Motivation and Goals
Since the 1960s we have seen a tremendous amount of scientific and methodological work in the fields of specification, design, and programming languages. In spite of the very high value of this work, however, this effort has found its limitation by the fact that we do not have a sufficient integration of these languages, as well as tools that support the development engineer in applying the corresponding methods and techniques. A tighter integration between specification and verification logics, graphical modeling notations, and programming languages is needed.
In a (possibly over) simplified view, as an attempt to impose some structure on this work, we can distinguish between three lines of work: formal methods, model-based engineering, and programming languages. Formal methods include, usually textual, formalisms such as VDM, CIP, Z, B, Event-B, ASM, TLA+, Alloy, and RAISE, but also more or less automated theorem proving systems such as Coq, Isabelle, and PVS. Such formalisms are usually based on mathematical concepts, such as functions, relations, set theory, etc. A specification typically consists of a signature, i.e. a collection of names and their types, and axioms over the signature, constraining the values that the names can denote. A specification as such denotes a set of models, each providing a binding of values to the names, satisfying the axioms. Such formal methods usually come equipped with proof systems, such that one can prove properties of the specifications, for example consistency of axioms, or that certain theorems are consequences of the axioms. A common characteristic of these formalisms is their representation as text, defined by context-free grammars, and their formalization in terms of semantics and/or logical proof systems. In parallel one has seen several model checkers appearing, such as SPIN, SMV, FDR, and UPPAAL. These usually prioritize efficient verification algorithms over expressive and convenient specification languages. Exceptions are more recent model checkers for programming languages, including for example Java PathFinder (JPF).
Starting later in the 1980s, the model-based engineering community developed graphical formalisms, most prominently represented by UML and later SysML. These formalisms offer graphical notation for defining data structures as nodes and edge diagrams, and behavioral diagrams such as state machines and message sequence diagrams. These formalisms specifically address the ease of adoption amongst engineers. It is clear that these techniques have become more popular in industry than formal methods, in part likely due to the graphical nature of these languages. However, these formalisms are complex (the standard defining UML is much larger than the definition of any formal method or programming language), are incomplete (the UML standard for example has no expression-language, although OCL is a recommended add-on), and they lack commonly agreed up semantics. This is not too surprising as UML has been designed on the basis of an intuitive understanding of the semantics of its individual parts and concepts, and not under the perspective of a potential formal semantics ideally covering the entire UML. This leaves users some freedom of interpretation, in particular concerning the conceptual interplay of individual model types and often leads to misunderstandings, but it has still been sufficient in practice in order to support tool-based system development, even by providing, e.g., partial code generation. On the other hand, it is also responsible for the only very partial successes of the decades of attempts to provide formal semantics to UML. One may, therefore, argue that (the abstract syntax and intuitive semantics of) UML, as it stands, is not adequately designed to support a foundation in terms of a formal semantics. It would therefore be interesting to reconsider the design of UML with the dedicated goal to provide a formal semantics and thereby reach a next level of maturity.

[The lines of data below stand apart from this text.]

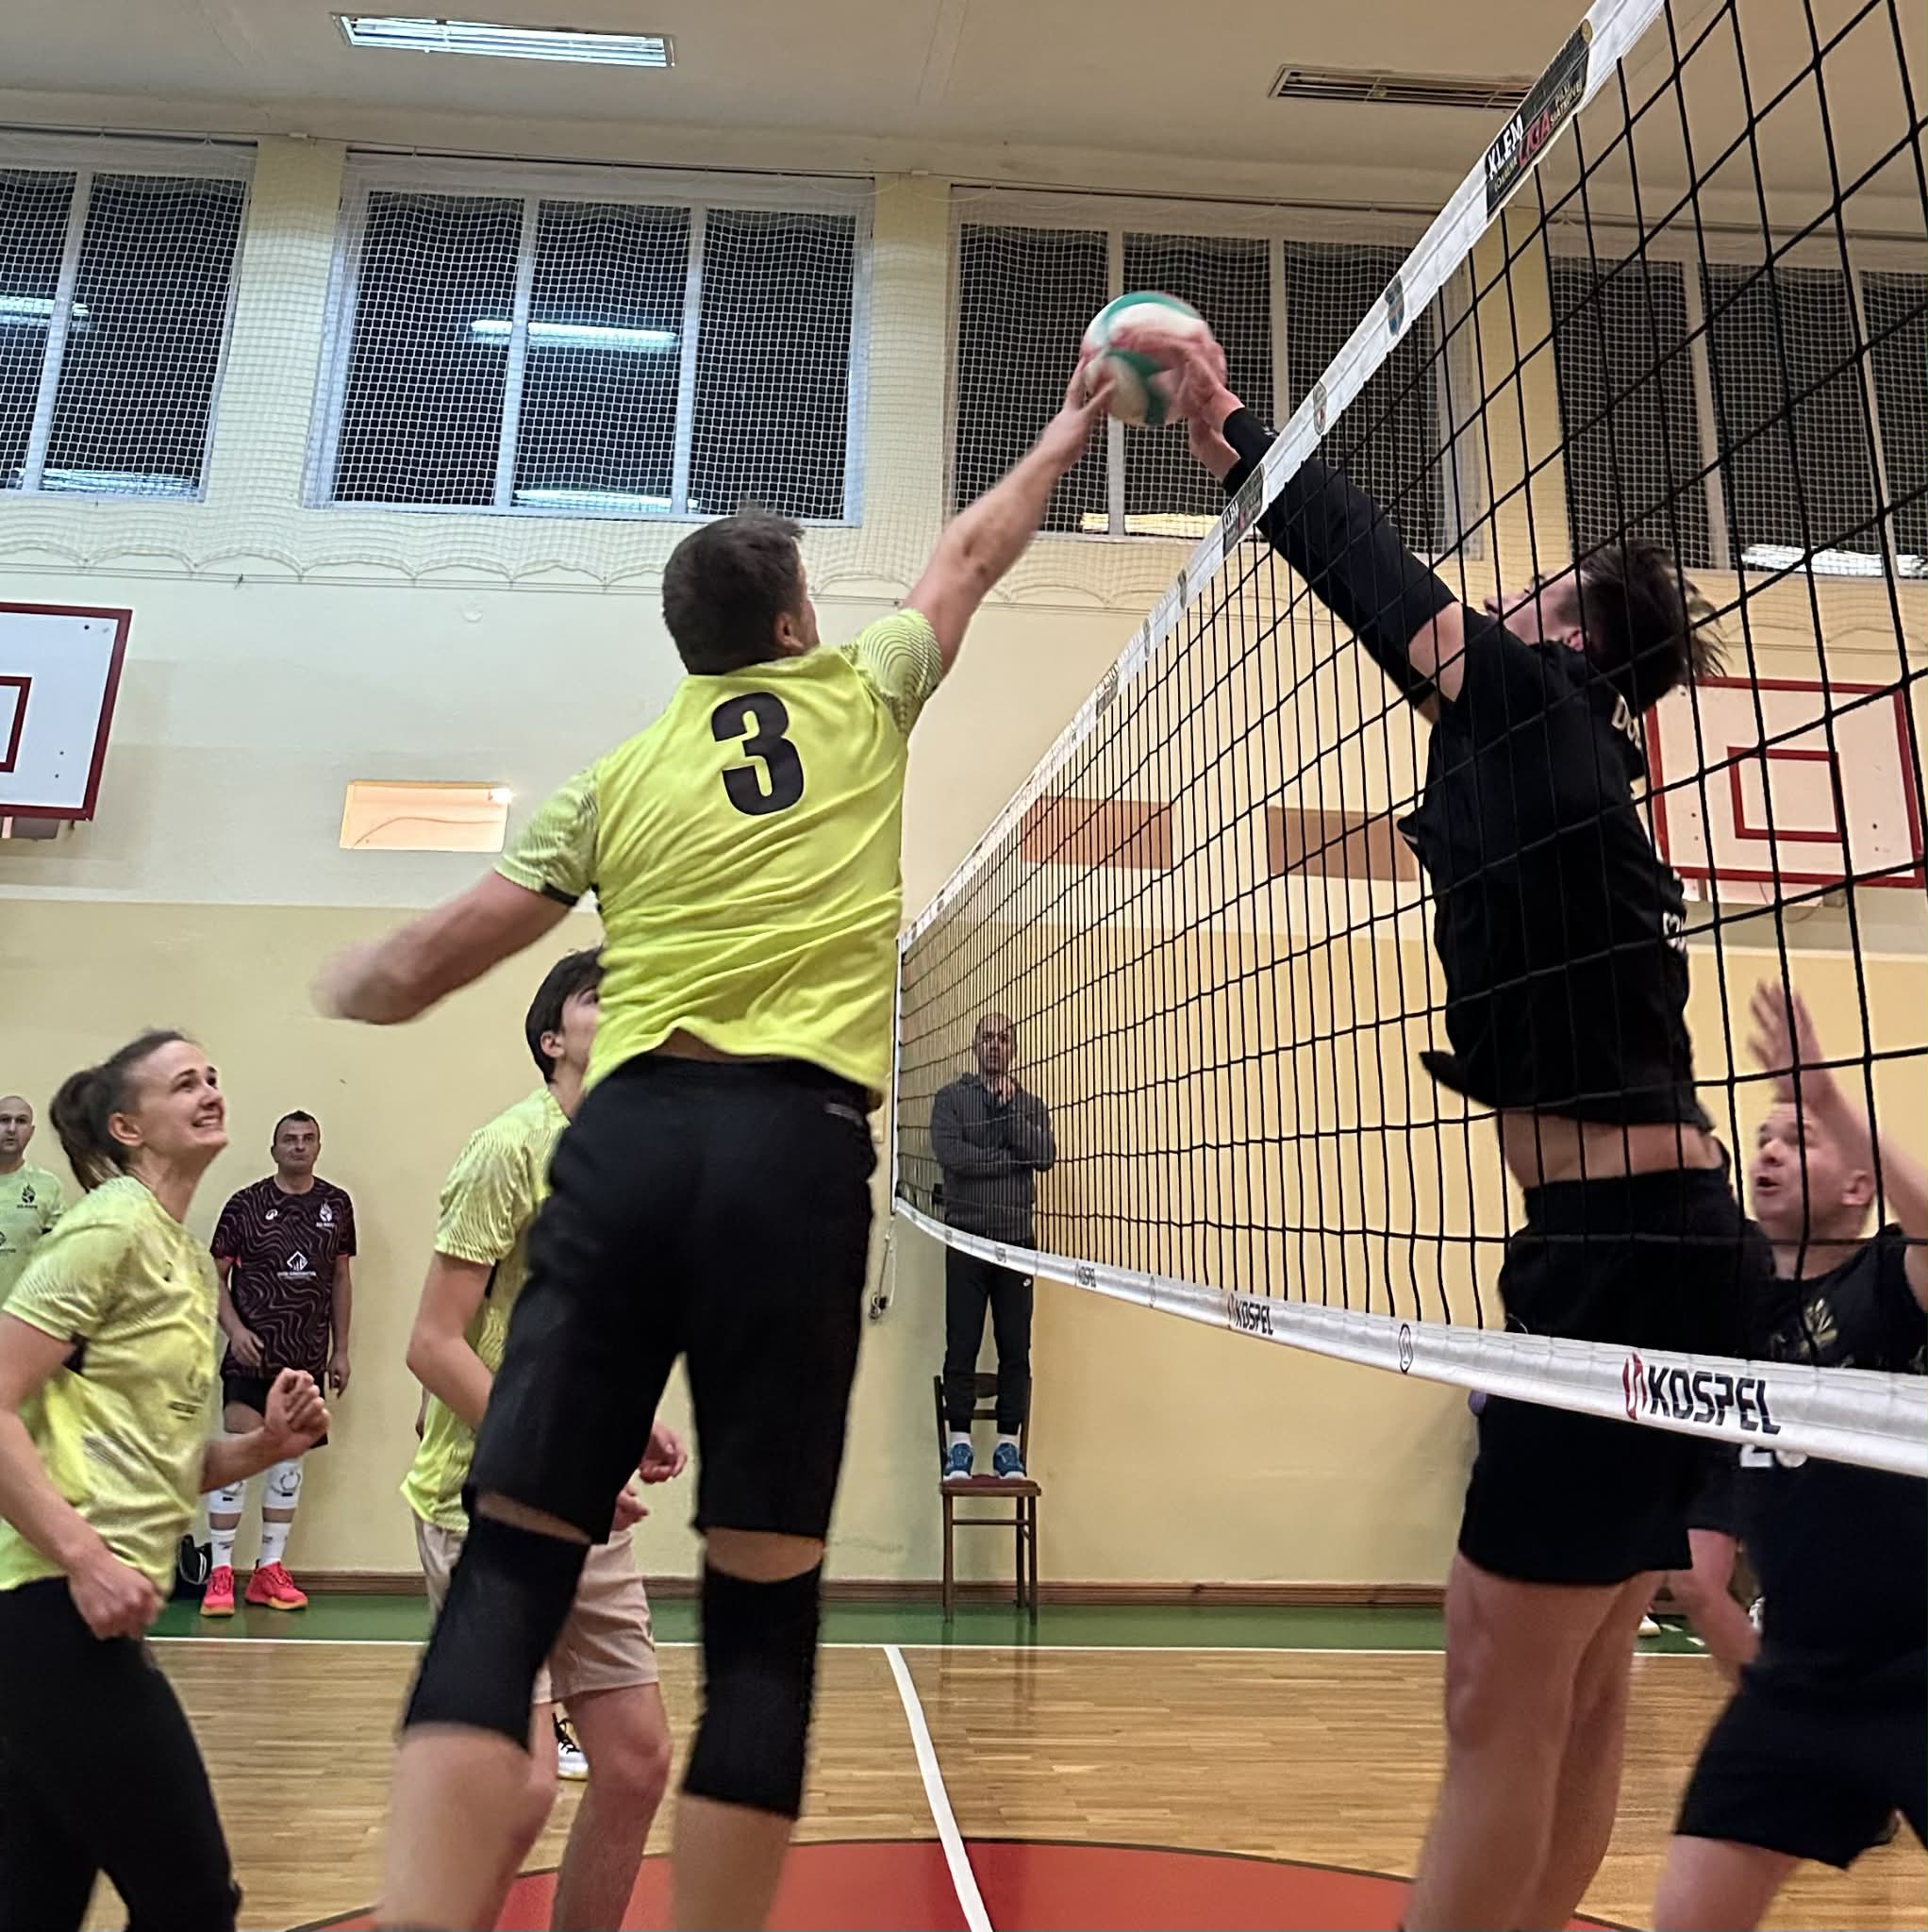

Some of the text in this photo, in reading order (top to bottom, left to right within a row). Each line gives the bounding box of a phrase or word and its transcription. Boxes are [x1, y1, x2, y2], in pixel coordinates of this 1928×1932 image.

[1488, 113, 1524, 180] KLEM
[1518, 106, 1552, 167] LIGA
[710, 691, 806, 816] 3
[1236, 1299, 1274, 1336] KOSPEL
[1648, 1364, 1782, 1435] KOSPEL
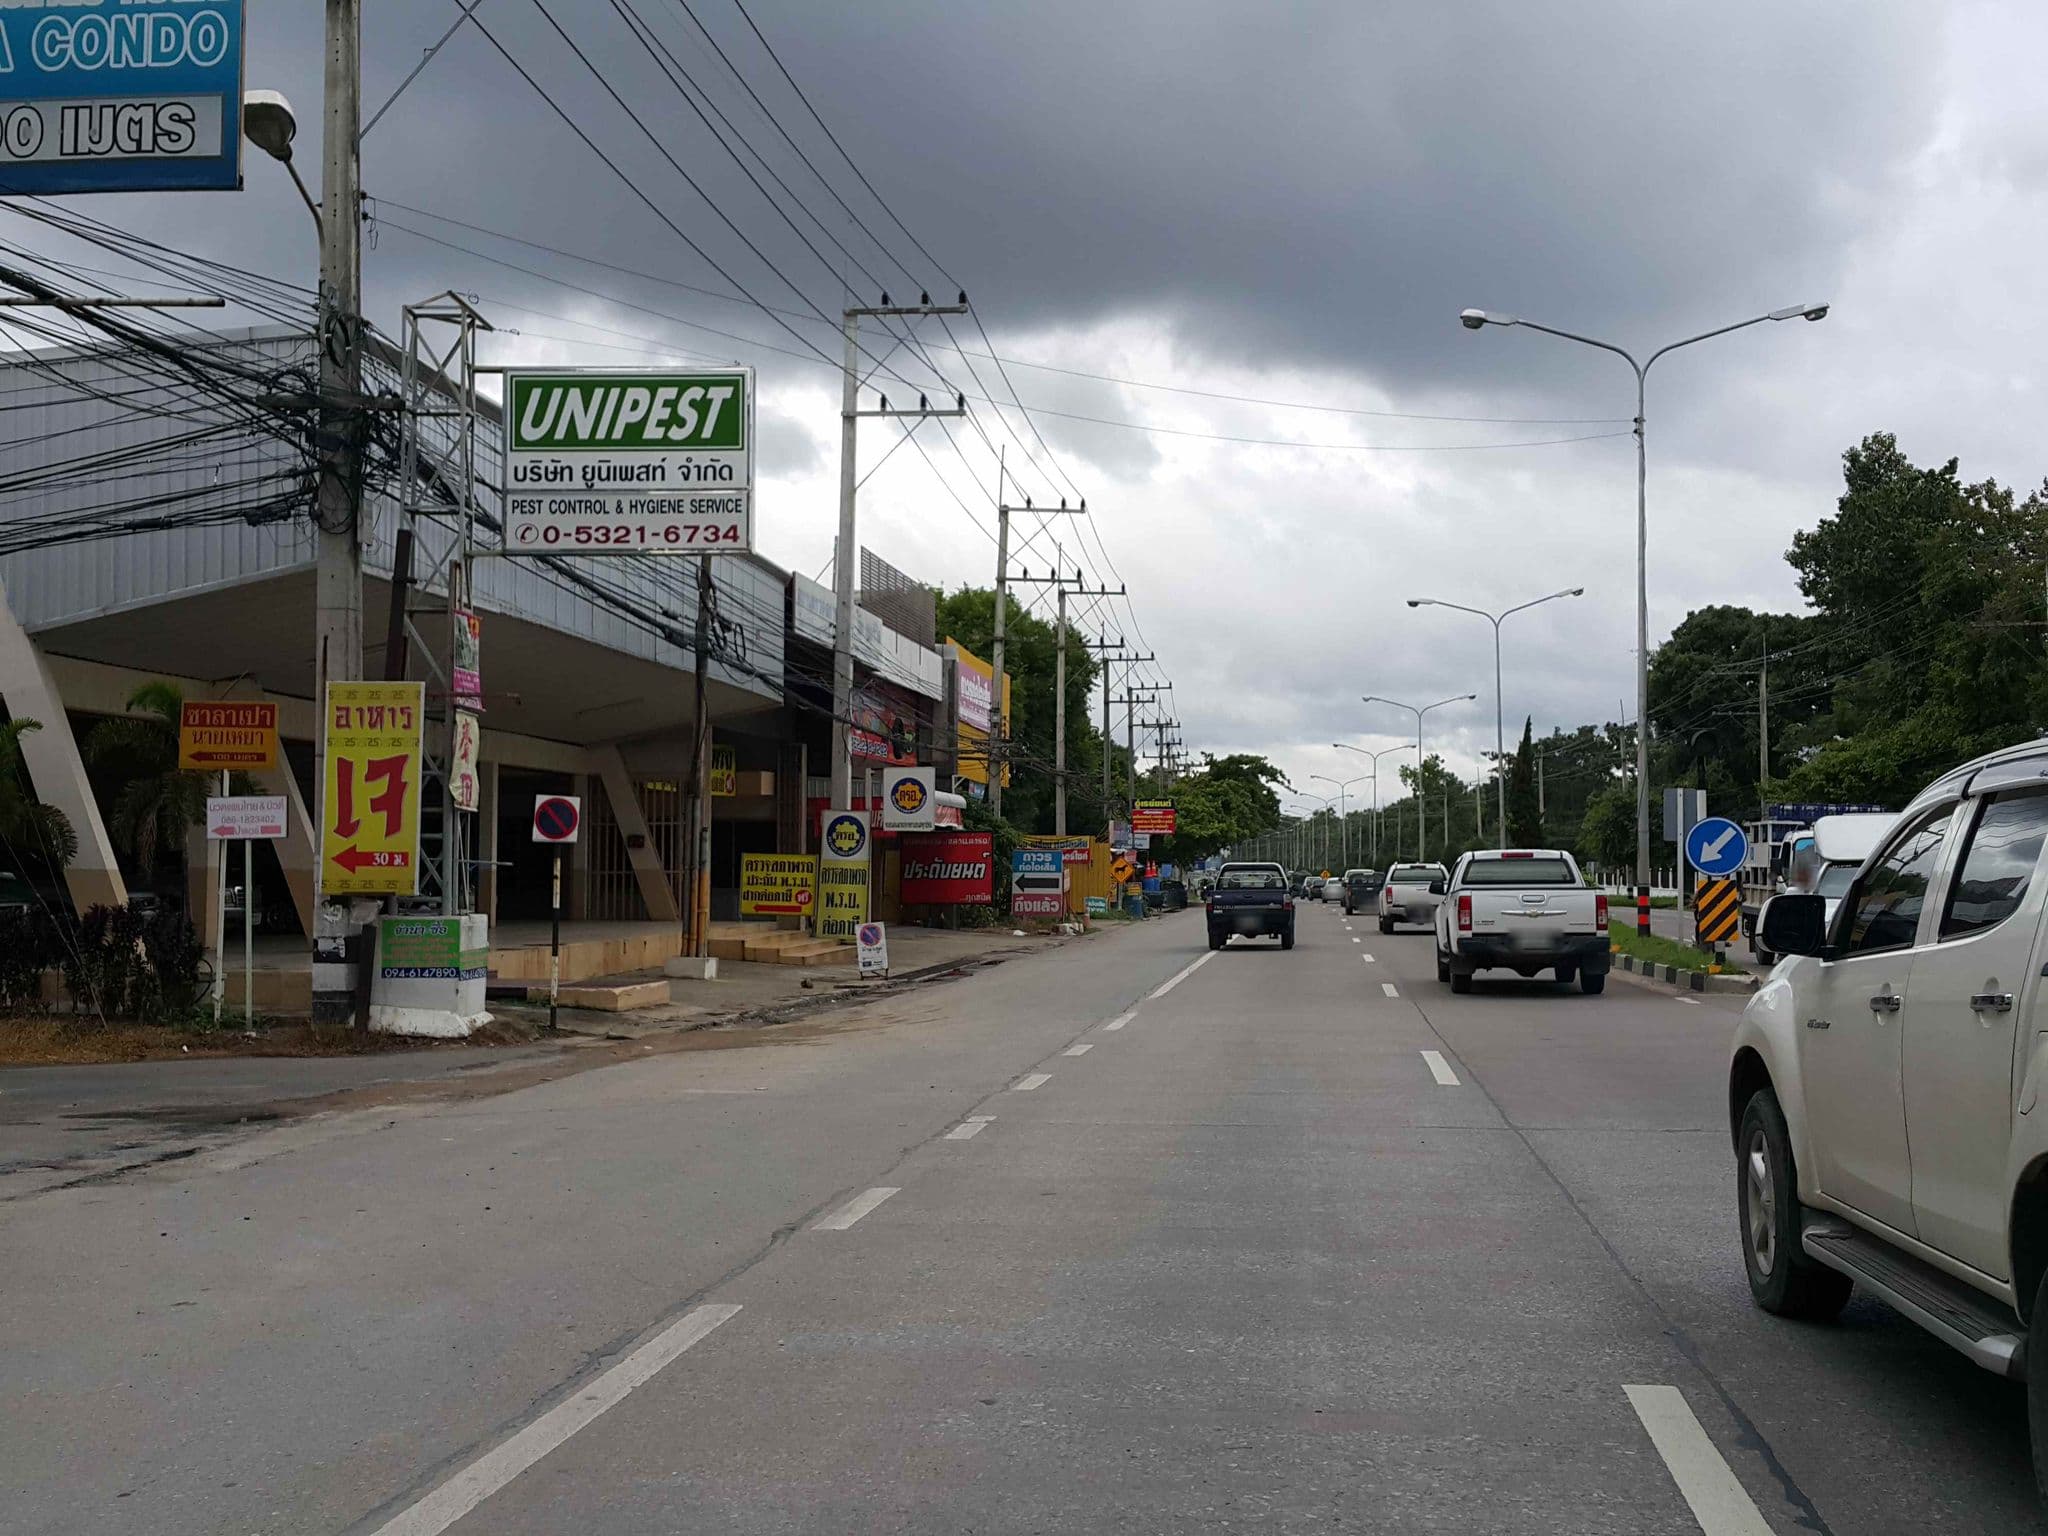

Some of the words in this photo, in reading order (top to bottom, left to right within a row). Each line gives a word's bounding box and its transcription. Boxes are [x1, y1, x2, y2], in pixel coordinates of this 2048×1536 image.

Finally, programming languages have evolved over time, starting with numerical machine code, then assembly languages, and transitioning to higher-level languages with FORTRAN in the late 1950s. Numerous programming languages have been developed since then. The C programming language has since its creation in the early 1970s conquered the embedded software world in an impressive manner. Later efforts, however, have attempted to create even higher-level languages. These include language such as Java and Python, in which collections such as sets, lists and maps are built-in, either as constructs or as systems libraries. Especially the academic community has experimented with functional programming languages, such as ML, OCaml, and Haskell, and more recently the integration of object-oriented programming and functional programming, as in for example Scala.
Each of the formalisms mentioned above have advantageous features not owned by other formalisms. However, what is perhaps more important is that these formalisms have many language constructs in common, and to such an extent that one can ask the controversial question: Should we strive towards a unified view of modeling and programming? It is the goal of the meeting to discuss the relationship between modeling and programming, with the possible objective of achieving an agreement of what a unification of these concepts would mean at an abstract level, and what it would bring as benefits on the practical level. What are the trends in the three domains: formal specification and verification, model-based engineering, and programming, which can be considered to support a unification of these domains. We want to discuss whether the time is ripe for another attempt to bring things closer together.